Now, not even I am going to try to argue that Spaceballs is a good film (although I will defend the stunt doubles joke to my dying day), but after watching it for the first time in, by my reckoning, 20 years I can confirm that Moranis is, by some measure, the funniest element in this film, out-funnying even more practised comedians such as John Candy in this film, and I love John Candy. While he could have just coasted on the one-note joke he was meant to provide (hahaha Dark Helmet is really a shrimpy nerd hahaha), he makes Dark Helmet easily one of the most fun to watch characters to watch in this ridiculous film.
Moranis was no coaster, and to prove it he followed up Spaceballs with his most un-Moranis role to date, as the nightmare father in Parenthood, a film I have endless amounts of time for.
This is pure speculation but I wonder if Steve Martin had a hand in convincing Ron Howard to cast Moranis as Nathan, partly because Martin and Moranis clearly enjoyed working together (by my count, they appeared in four films together, including the lovely LA Story and co-starring in the 1990 film My Blue Heaven) and also, as I said, it’s not necessarily an obvious Moranis role.
Whatever lay behind it, the choice paid off well for everyone: Moranis got an American Comedy Award (his only one, unjustly – Louis Tully deserved an accolade) and the film retains its balance because, without him, that plot strand about the highly pressured daughter and somewhat dull wife would have got lost beneath the other far more interesting tales about Joaquin (then Leaf) Phoenix’s compulsive masturbation, Tom Hulce’s gambling addiction, Dianne Wiest’s extraordinary haircut, the diarroeha song, Jason Robards being Jason Robards and Keanu Reeves and Martha Plimpton’s marathon sex seshes (like I said, I have a lot of time for this delightful film.)

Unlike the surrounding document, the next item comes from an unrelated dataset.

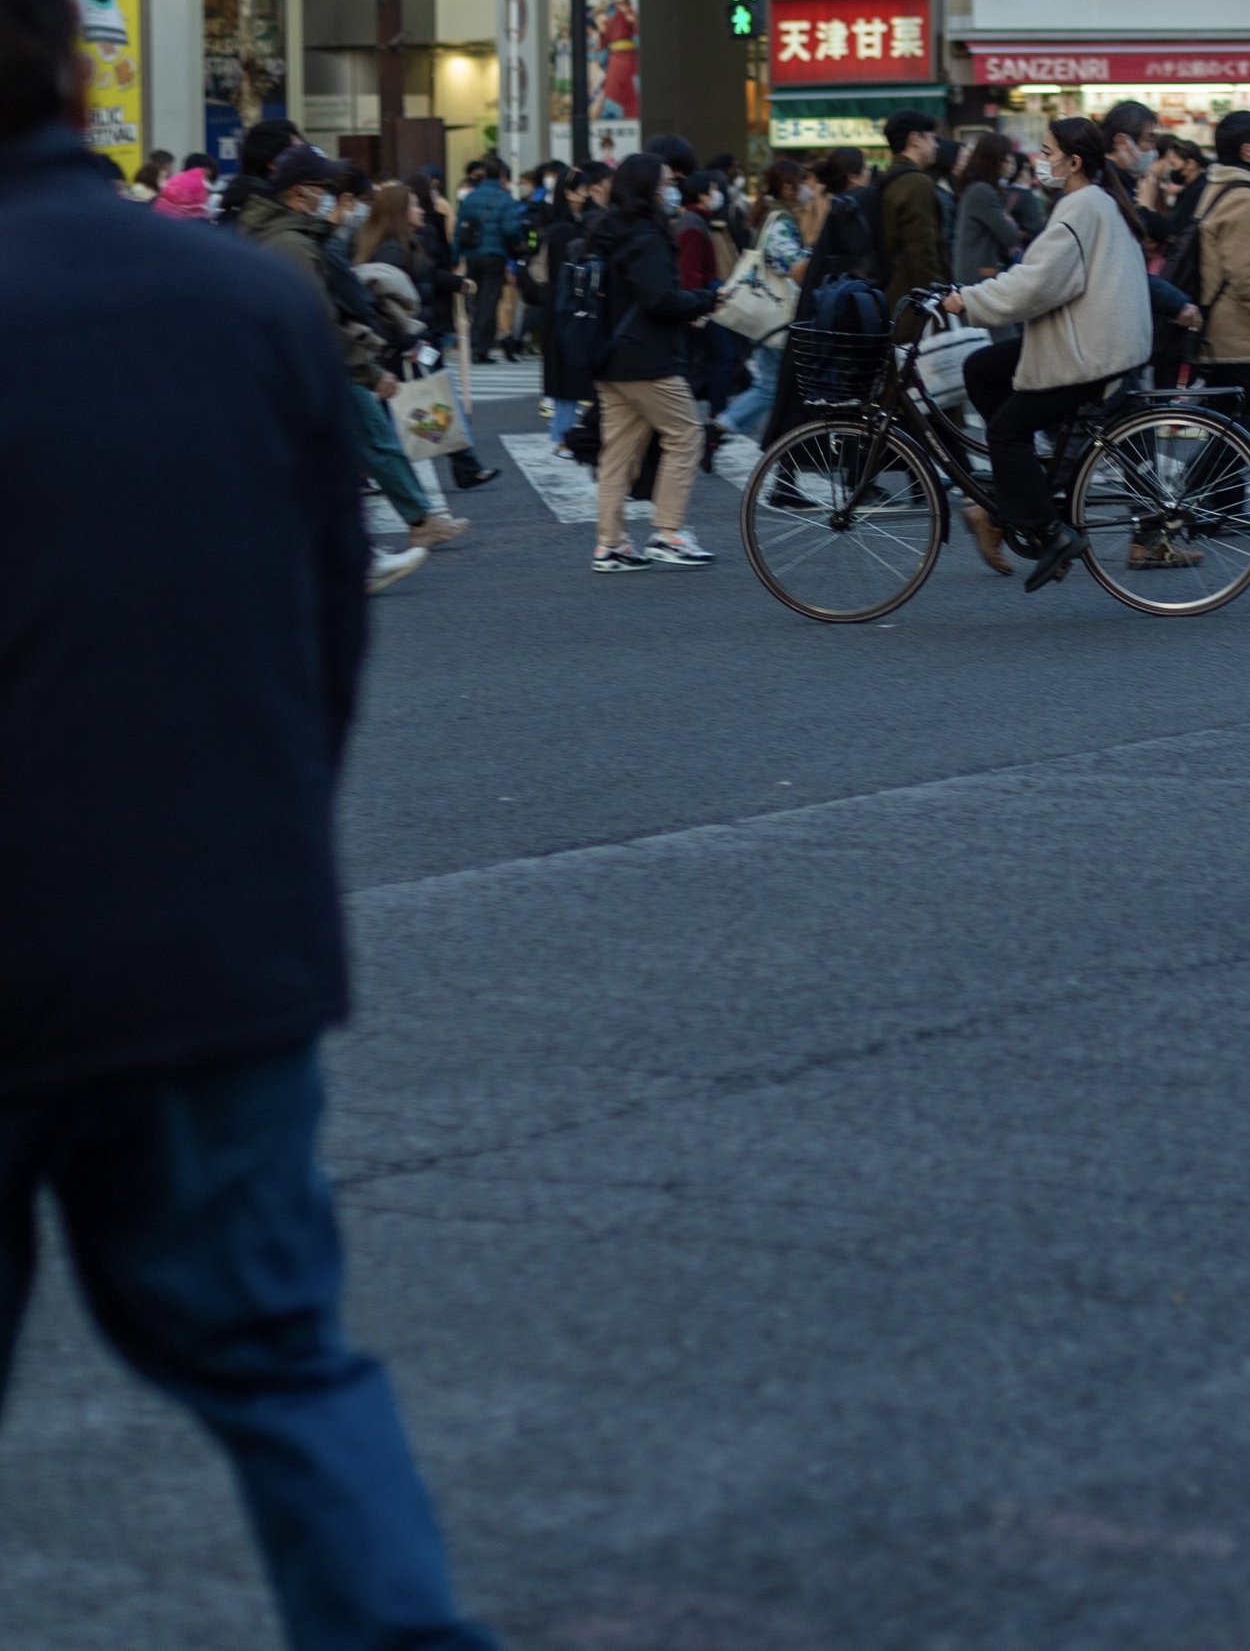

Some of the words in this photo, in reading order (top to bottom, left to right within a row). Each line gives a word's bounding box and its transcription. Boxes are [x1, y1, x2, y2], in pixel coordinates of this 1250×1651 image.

[777, 16, 925, 63] 天津甘栗
[985, 57, 1110, 81] SANZENRI

Nonetheless, Moranis ably maintains the interest in his plot thread, which is not surprising. More surprising, perhaps, is that he is completely convincing as the nightmare father who is pushing his precocious daughter to an almost certain teenage eating disorder. Of course, the scene that he is most known for in that film is when he marches through his wife’s classroom, crooning the Carpenters to her, and that’s inevitable – it’s his most Moranis-esque scene, and the only one in which he is more Louis / Seymour than Nathan. And that’s OK – no movie ever suffered from a bit of Moranis. But my favourite parts are when he is being surprising, such as when he’s hectoring his wife and daughter, or coldly rebuffing the intimacies of his in-laws. As close to my heart Louis Tully will always be, Moranis was more than just Louis Tully.
So what happened to Moranis? Well, if you don’t adore the man already, you will now. In 1991, his wife Ann very sadly died from cancer and in 1997 Moranis officially retired from acting in order to look after their two children. Despite being repeatedly asked to make a return, Moranis has so far refused, saying simply he “really doesn’t miss” acting, even resisting Harold Ramis’ pleas to be in the ominous sounding Ghostbusters 3.
Instead, he has returned to his first love, music (Moranis was originally a DJ in Canada), releasing an album in 2005. But otherwise, he has pretty much kept his head down, utterly unaffected by his decade and a half of fame and completely uninterested in regaining his A-list status, preferring instead a quiet life with his kids. How very Moranis.